The Crucible is a container in which metals and other materials are heated to separate pure metals from the impurities, this is a metaphor for the town of Salem and its citizens. John and Elizabeth Proctor are good examples of The Crucibles victims surviving and emerging as stronger people. Proctor is introduced to us with mixed opinions he is a “sinner” yet a respected man in Salem. In his presence a fool felt his foolishness instantly,” but “the steady manner he displays does not spring from “an untroubled soul”.
Proctor has a good name in Salem, but a marked conscience. His one fatal mistake was an affair with Abigail Williams.
Proctor has committed adultery with a young woman named Abby, and even though their affair is in the past it still rages in Abby’s mind, it is not allowed to rest forgotten
Abigail is a young girl, she is strong minded, vibrant, and determined. She is everything that Proctors wife lacks.
John is a man with integrity, he confessed to his wife of his dishonest relations with Abigail but couldn’t bring himself to blacken his name in Salem.
John and Abigail’s past affair is most certainly something john is ashamed of, and would prefer to forget about its existence. However Abigail and Elizabeth, his wife, are both determined to not allow him to forget his short lived moments of adultery.
Elizabeth herself does not wish to judge john by playing god, she sets an example in Salem, that you cannot begin to judge another before you have examined your own actions and she is true to herself by admitting “I have sins of my own to count.”
But Salem is operated as a theocracy, a government ruled by and subject to religious authority. In a theocracy, people’s sins are not forgiven, so that when they commit an indiscretion, they are left feeling guilty.
John being a man with great integrity, confessed to his wife of his dishonest relations with Abigail, but couldn’t bring himself to blackening his name in Salem. During a conversation between john and Abby he asks her to “wipe it put of mind and pretend they “never touched” But Abigail’s stubborn character fails to give up hope, and I believe john feels guilty for allowing her to think that a relationship between them was ever possible. Even though he never spoke about a future, Elizabeth tells him that taking Abby to his bed said more than enough, and through this he has promised her something more. John takes pity upon abby and the situation he has put her in, in their conversation on page 28 you can see the john wishes to set things straight but also doesn’t wish to hurt her. Their past relationship has made him feel for her and “think of her softly” while his marriage seems to be built of sinking foundations Abby’s young vibrant out-going personality fills the gaps of his passionless marriage. never the less he has his morals and will not hear a bad word spoken against his wife, and when Abigail turns to bitter cirtisms, his temper rises and soft tone fades. John values his name, and it takes his neighbours lives to crack his unblemished title.

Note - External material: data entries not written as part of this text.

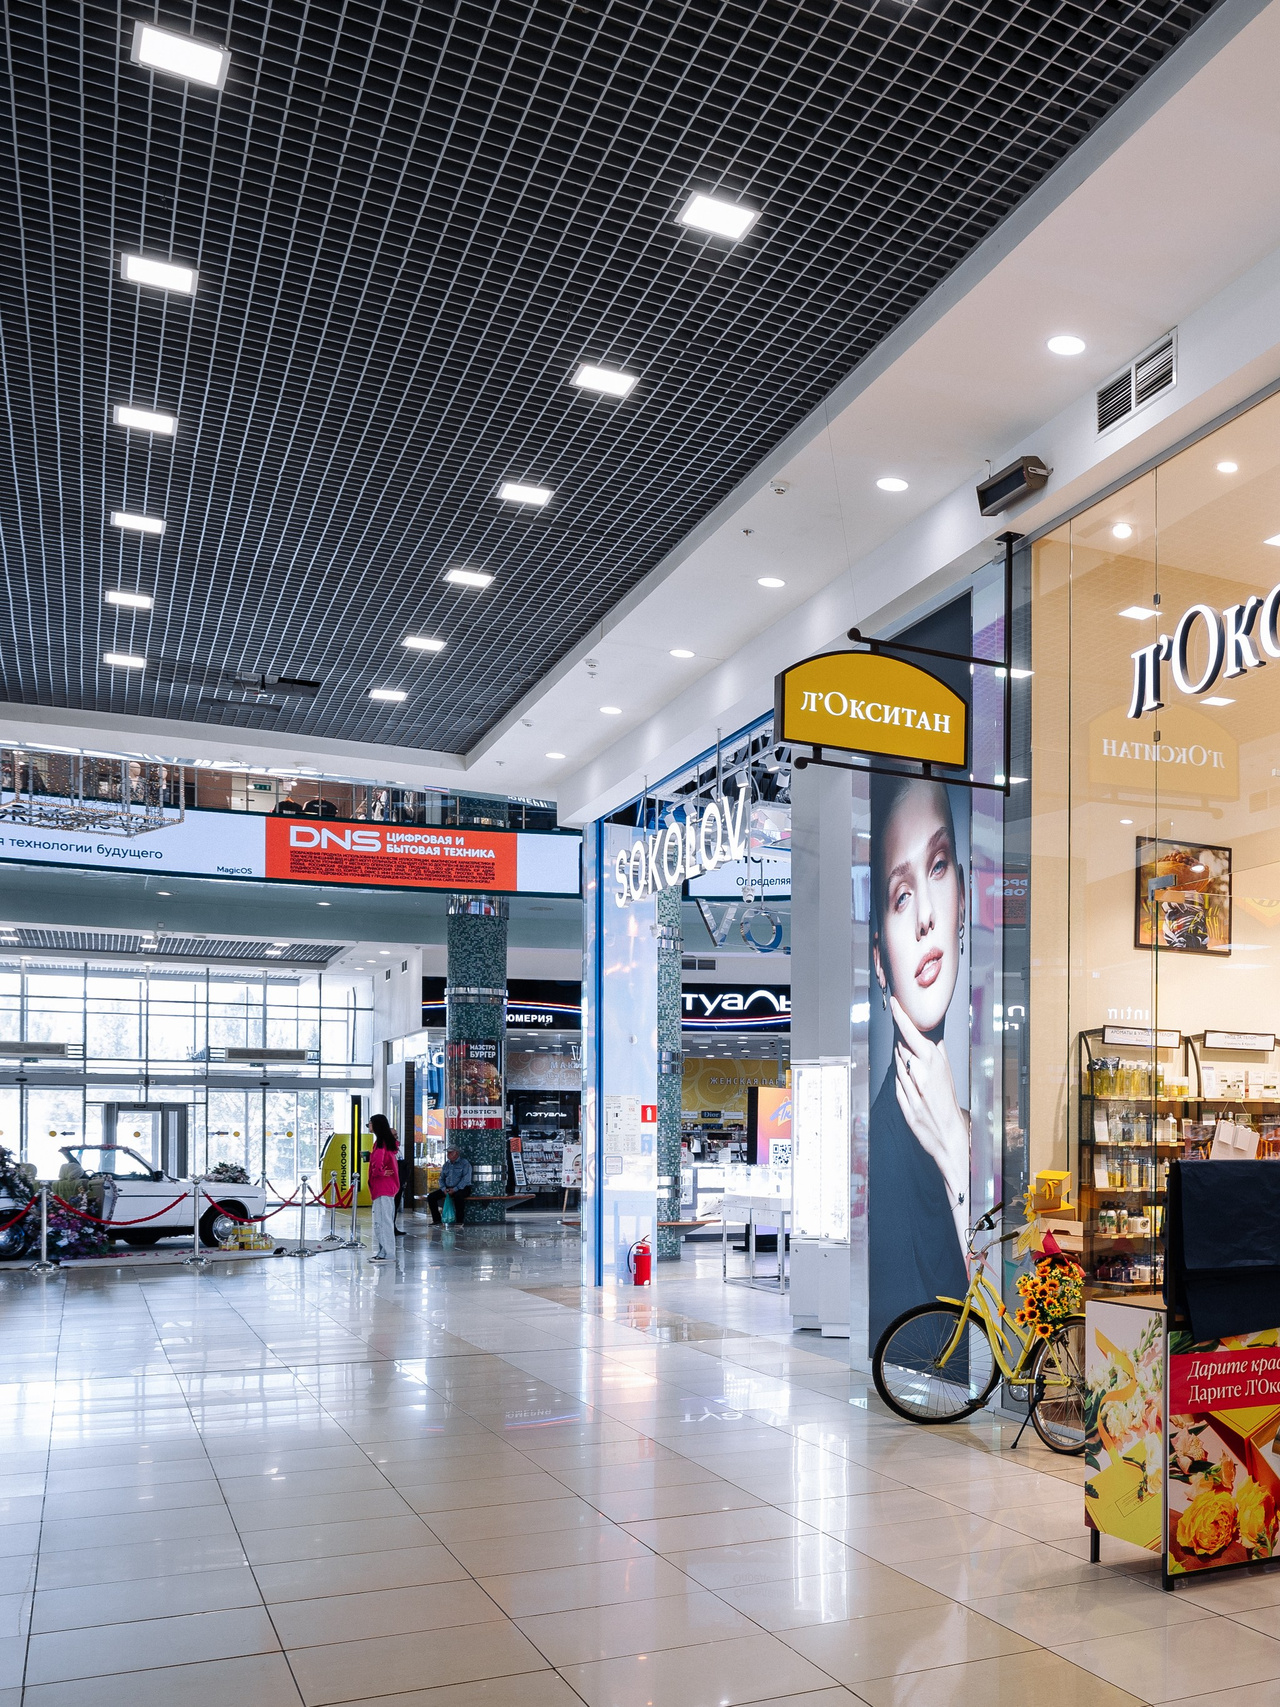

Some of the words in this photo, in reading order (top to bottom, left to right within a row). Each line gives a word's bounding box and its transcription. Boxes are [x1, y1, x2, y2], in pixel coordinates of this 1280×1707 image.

[9, 838, 93, 853] технологии
[96, 844, 164, 860] будущего
[289, 825, 382, 852] DNS
[387, 832, 452, 846] ЦИФРОВАЯ
[455, 836, 465, 846] И
[615, 786, 751, 909] SOKOLOV
[386, 844, 441, 856] БЫТОВАЯ
[443, 847, 496, 859] ТЕХНИКА
[216, 865, 253, 876] MagicOS
[710, 1077, 759, 1085] ЖЕНСКАЯ
[340, 1143, 348, 1193] ТИНЬКОФФ
[1186, 1360, 1249, 1381] Дарите
[1188, 1384, 1242, 1405] Дарите

Elizabeth proctor wishes to remain a good wife to john and they both want a respectable marriage, and from an outside point of view this is what your led to believe, even they would like to believe their lack of communication hasn’t made their relationship a cold one.
Throughout the book Elizabeth is loyal to her morals, she conveys words from her religion through to John without trying to influence his decisions with her opinion. Her character is an important factor throughout the book, she leads by example, a role model to the characters and the reader.

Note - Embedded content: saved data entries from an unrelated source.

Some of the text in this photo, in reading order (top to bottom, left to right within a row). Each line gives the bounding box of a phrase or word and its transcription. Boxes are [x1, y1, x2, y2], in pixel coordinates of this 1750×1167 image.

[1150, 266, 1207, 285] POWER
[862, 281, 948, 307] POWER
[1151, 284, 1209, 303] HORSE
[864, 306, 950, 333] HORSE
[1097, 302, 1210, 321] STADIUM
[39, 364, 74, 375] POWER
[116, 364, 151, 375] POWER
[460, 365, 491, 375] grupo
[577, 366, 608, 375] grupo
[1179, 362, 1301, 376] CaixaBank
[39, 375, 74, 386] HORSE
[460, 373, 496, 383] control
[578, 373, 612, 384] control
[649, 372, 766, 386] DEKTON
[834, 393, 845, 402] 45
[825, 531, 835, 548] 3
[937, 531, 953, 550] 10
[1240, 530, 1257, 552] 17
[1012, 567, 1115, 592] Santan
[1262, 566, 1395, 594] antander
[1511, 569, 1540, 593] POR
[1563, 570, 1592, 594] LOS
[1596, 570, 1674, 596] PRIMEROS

She passes words of wisdom to her husband in his darkest hours, by the end of the novel john is engulfed by guilt, and in search of forgiveness. He is given an ultimatum of life or death, in death his sins will be washed away, he will die with honour, as a martyr for what is right. but he will leave his wife a widow, and his children orphaned.
With this in mind Elizabeth selflessly advises him “Let none be your judge. There be no higher judge under heaven”.
John asks for her forgiveness, but she knows “it come to naught that I should forgive you, if you’ll not forgive yourself. Its not my soul, John, its yours.”
Elizabeth’s principles are finally received by her husband and as a final act of redemption he realises that the only way he will ever free his name from sin, is to die with his immorality. “I confess to god.” and with these words you feel a heavy weight lifted from John Proctors shoulders. John has eventually found belief in himself, ” You have made your magic now, for now I do think I see some shred of good in john proctor. Not enough to weave a banner with but white enough to keep it from such dogs.” Proctor has found inner sanctity, amongst the dishonesty, the corruption, the madness, john proctor has found god. “He have his goodness now. God forbid I take it from him!” The crucible has extracted what’s pure.